Beyond that, it became fatiguing over the course of the game, given how long it took to play and the sheer number of hackable devices our players felt almost compelled to seize control of. Keeping the mini-game brief and real time (and allowing the player to initiate it from a distance with a limited resource) makes it very much a strategic decision – and increasing the opportunity for strategic thinking in BioShock 2 was among our central goals.

Does 2 close off the story? Rapture seems like a very specific type of tale. Have you started thinking about where the story goes from here?

It's got a self-contained arc for all of our key characters, but I won't spoil any broader implications for the mythos. And at the moment, we're mostly thinking about BioShock 2. The creative future of 2K Marin and 2K Australia is something we'll tackle when we can walk into a store and buy a copy for our collective Moms.

One of the biggest issues people had with BioShock was the ending.
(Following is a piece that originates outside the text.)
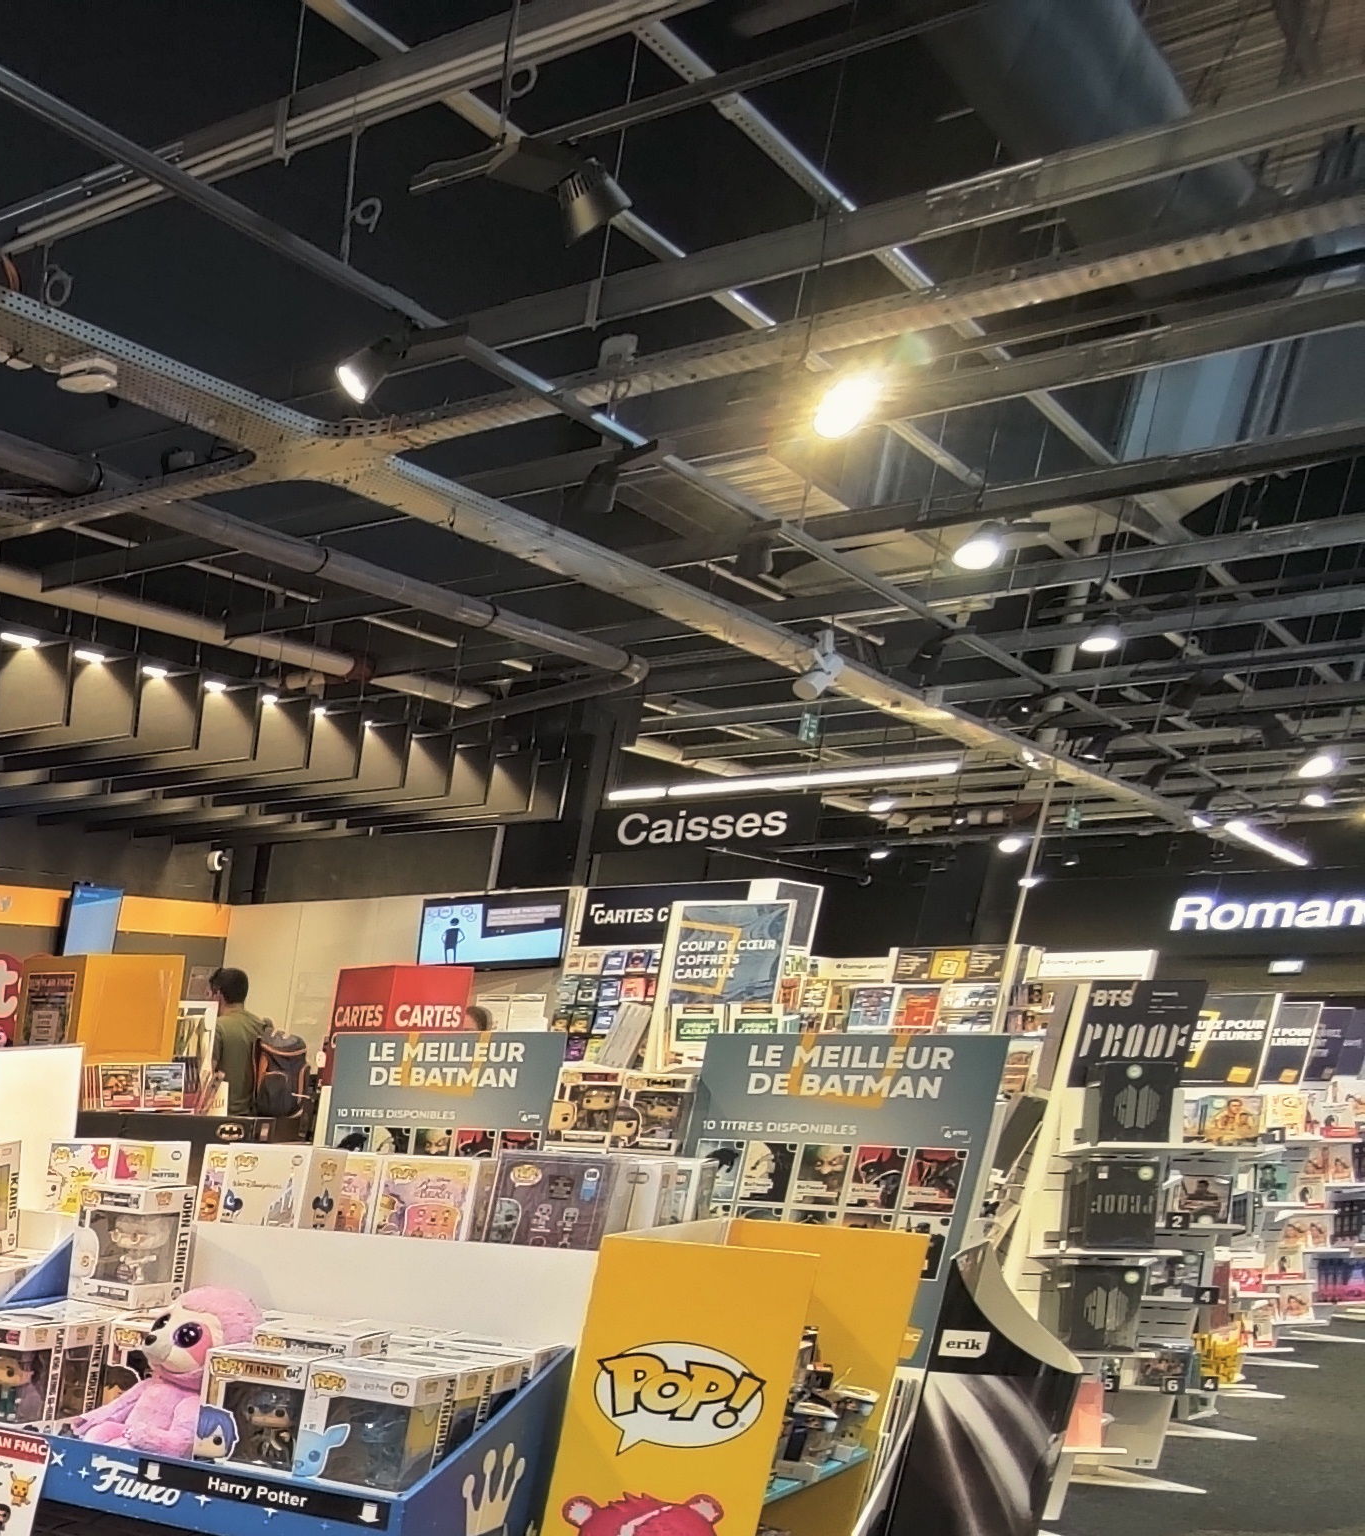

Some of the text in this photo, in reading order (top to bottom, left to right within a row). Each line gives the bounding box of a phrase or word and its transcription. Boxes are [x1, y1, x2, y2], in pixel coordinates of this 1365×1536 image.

How have you approached boss fights and the inevitable "final boss?"

Well, again, I've got to avoid turning into the spoiler machine for the sake of hype – suffice it to say, we're aware that we don't do classic scripted bosses well at all. The Big Sister represents an earnest attempt to play to our strengths. She's overwhelmingly powerful and highly versatile, using the environment against you like a player would. But she lives entirely within the simulation, and can hunt you down wherever you might run. And she's deployed due to your behavior, on average, far more often than she shows up for story reasons.

Are there plans to expand the BioShock world beyond Rapture in future games?

Really nothing interesting to say yet about post-BioShock 2 stuff, it'd be pure speculation run wild even from me right now, and for that, I'd rather ask the Internet!

Do you think Ken Levine will like your sequel? Is that even a thought somewhere in the back of your head while you're working?

Of course it does. I've said publicly a number of times, working with Ken taught me more about game narrative than all of my previous gigs combined, and it's his script I pored over obsessively to prepare myself to extend the Rapture story in any kind of coherent way.

Hell, I won't speak for the man, but I hope the idea of stepping into Rapture circa '68 as a stranger might give him some kind of weird tickle.

Speaking of sequels, can you make us a game where we just walk around judging people and asking if we're not entitled to the sweat of our own brow?

You and me, pal – it's time to LARP it out. I'm drawing chain-tattoos on my wrists right now in ballpoint. Don't be alarmed if you wake up tomorrow wearing a natty brown suit and a small, fetching moustache.